CIM (Common Information Model) is the modern standard for querying Windows system information, using WS-Man protocol (same as WinRM). WMI is the legacy implementation using DCOM. CIM is faster, more secure, and firewall-friendly. Always use Get-CimInstance for new scripts; Get-WmiObject is deprecated in PowerShell Core.
2. “Explain how the PowerShell pipeline works.”
PowerShell’s pipeline passes objects, not text. Each cmdlet receives objects from the previous cmdlet and emits objects to the next. Objects have typed properties accessed by name, not position. This enables filtering (Where-Object), projection (Select-Object), and transformation without string parsing.
3. “How would you handle errors in this script?”
Use try/catch/finally blocks around operations that might fail. Set -ErrorAction Stop on cmdlets to make non-terminating errors catchable. Provide meaningful fallback behavior (empty arrays, default values) when queries fail.
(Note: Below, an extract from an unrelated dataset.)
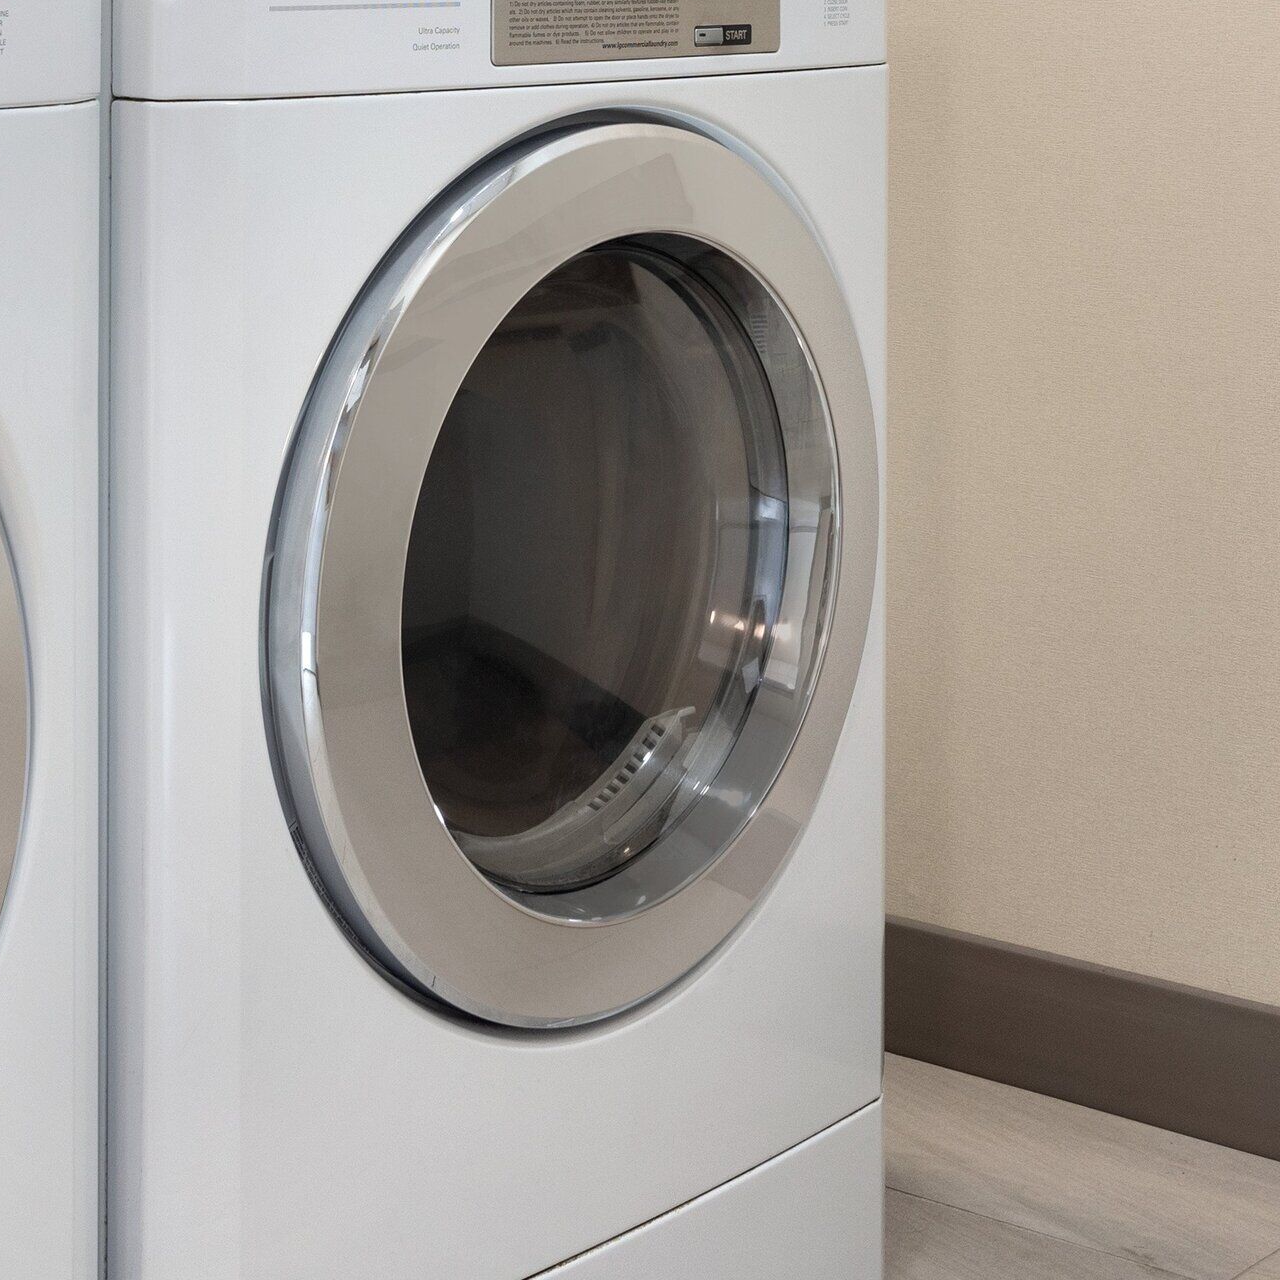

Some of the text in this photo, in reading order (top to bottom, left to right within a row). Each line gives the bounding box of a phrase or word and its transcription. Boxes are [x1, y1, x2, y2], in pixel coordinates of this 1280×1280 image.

Log warnings for partial failures but continue execution.
4. “How would you scale this to 100 servers?”
Use Invoke-Command -ComputerName $servers -ScriptBlock {...} for parallel remote execution. Implement -ComputerName parameter accepting an array. Handle individual server failures gracefully without stopping the entire collection. Aggregate results and generate a combined report or individual reports per server.
5. “Why use calculated properties instead of transforming data afterward?”
Calculated properties transform data at query time, reducing memory usage and processing steps. They make the pipeline self-documenting. They allow renaming properties for cleaner output. The alternative (ForEach-Object transformation) works but is more verbose and separates the transformation logic from the query.